With Sandy, says Blaze, “we had to mobilize tremendous amounts of resources; people came from all across the country to help. Now there’s nowhere to draw resources from.” Nonprofit organizations like hers are hurting, but can’t hold their typical fundraising gatherings to bring in resources. “For so many nonprofits, a good portion of their income is dependent on events: golf outings, galas, luncheons, runs, walks,” says Blaze. As a result, many are experiencing a huge drop in fundraising income.

But some of the lessons from Sandy are applicable. Blaze’s office struggled during the hurricane; most of the organization’s files were on its server, which made working from home almost impossible. After that, the group made sure to transition to cloud-based computing, which is allowing everyone to work securely from home now.

Blaze and her employees also gained a real understanding of the Affordable Housing Alliance’s niche during the crisis, something they’re utilizing again today.

At that time, says Blaze, it quickly became apparent that after immediate food and mental health needs were relieved, the main problem people were experiencing was housing-related. And that, of course, is the organization’s specialty.

It was largely a problem of information. “When you’re dealing with social services, people don’t know what to ask for, or what FEMA program [they need]. This was a population that hadn’t grown up using public assistance. The average person doesn’t know how to orchestrate the reconstruction of their home,” explains Blaze. And many people had lost their internet connection and even their laptops during the storm.

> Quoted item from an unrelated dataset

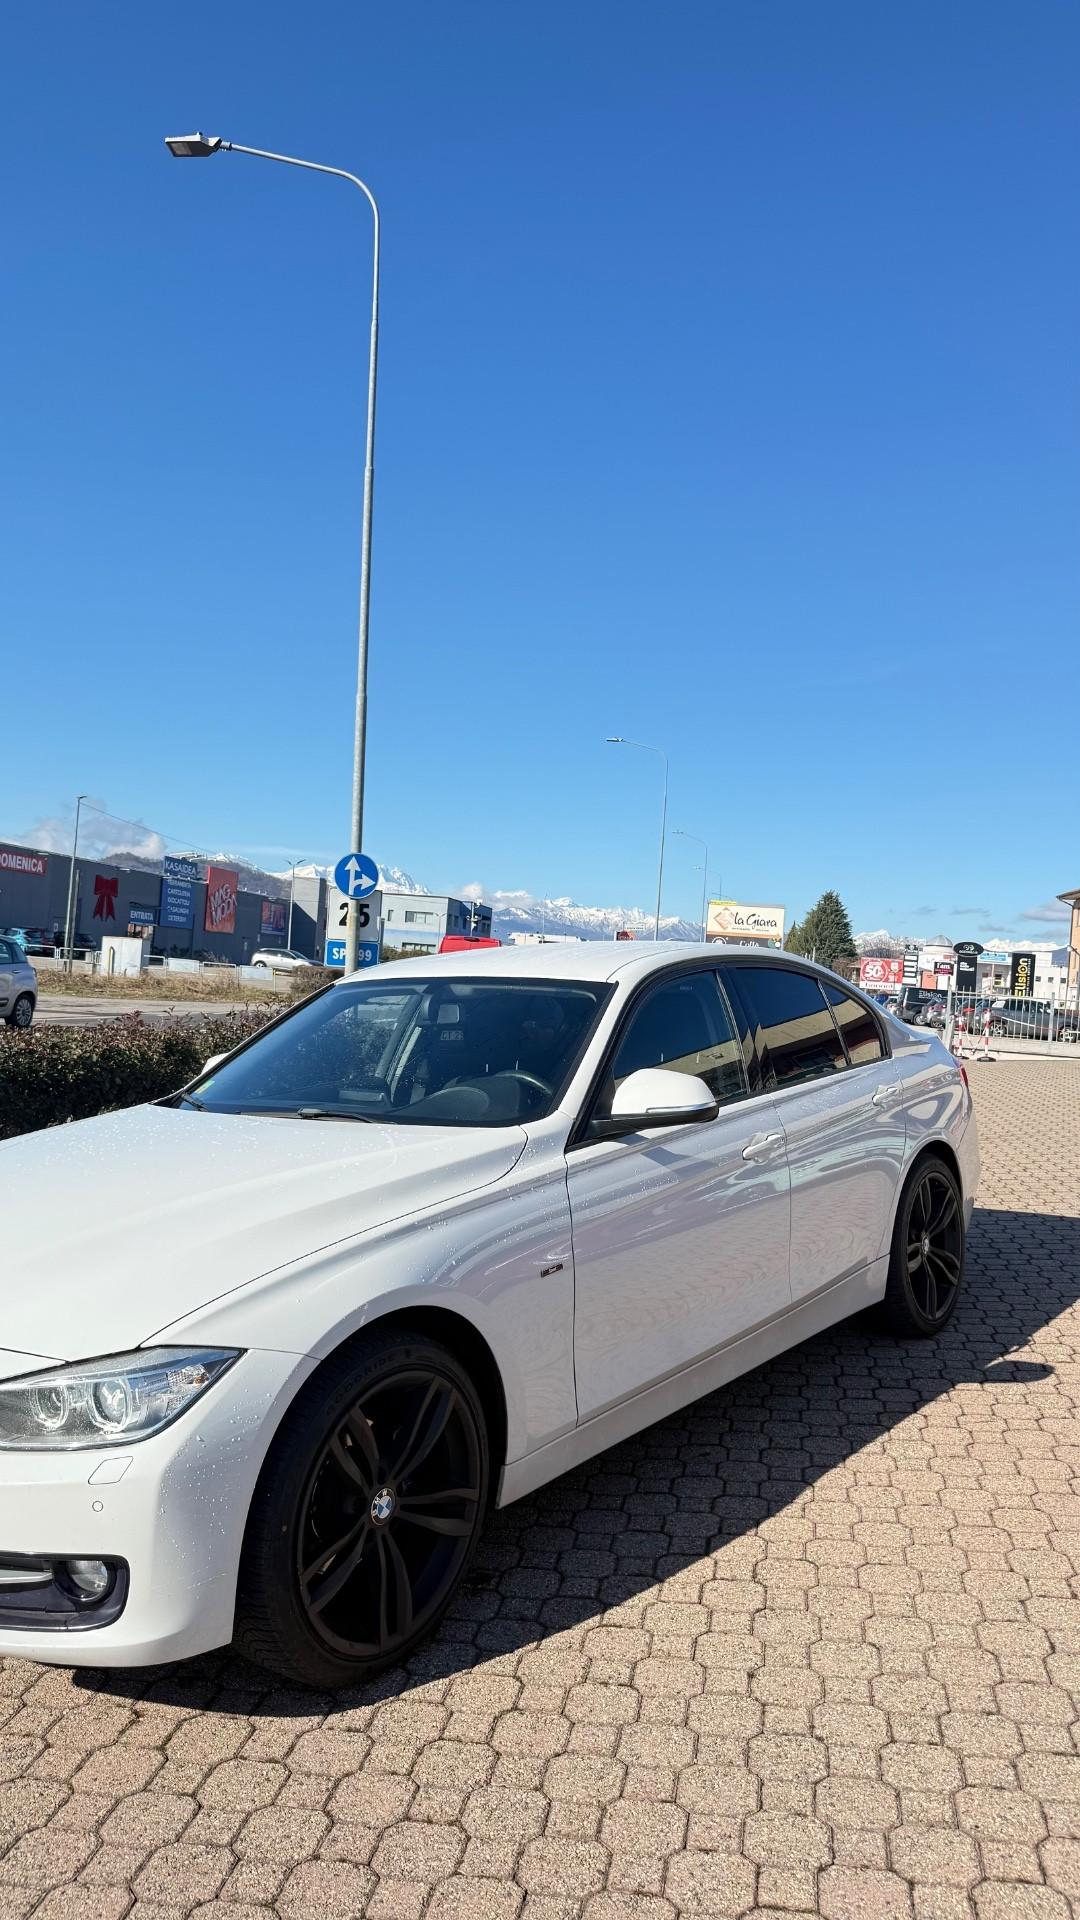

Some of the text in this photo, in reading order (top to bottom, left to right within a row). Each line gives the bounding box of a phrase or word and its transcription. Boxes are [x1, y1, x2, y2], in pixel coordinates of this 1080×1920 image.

In response, the organization set up a housing resource center: a site where people could get help in applying for aid. “We said, ‘Just come in and tell us what your problem is, and we’ll help you figure out the solution,’” remembers Blaze. It worked.

Ever since then, the organization has provided housing counseling, financial literacy classes, and other education options to the public. Blaze believes it can offer something particularly important this time, too.

“Sometimes the stress is overwhelming, trying to get through a simple application. You don’t want to add to that stress,” she says. “Even just answering the telephone—it sounds corny, but we answer the telephone. We don’t have an answering machine saying, ‘Press 7 for this, press 8 for that.’ If you’ve never called before, you don’t know what to ask for.”

Instead, says Blaze, the organization makes sure to have a real live individual answering the phone. They can’t give hugs; they can’t touch clients on the arm in sympathy. But they can answer the phone and say, “Oh, I’m so sorry you’re having to live through this.”

And that counts for something, says Blaze. “That’s the human part of being in human services.”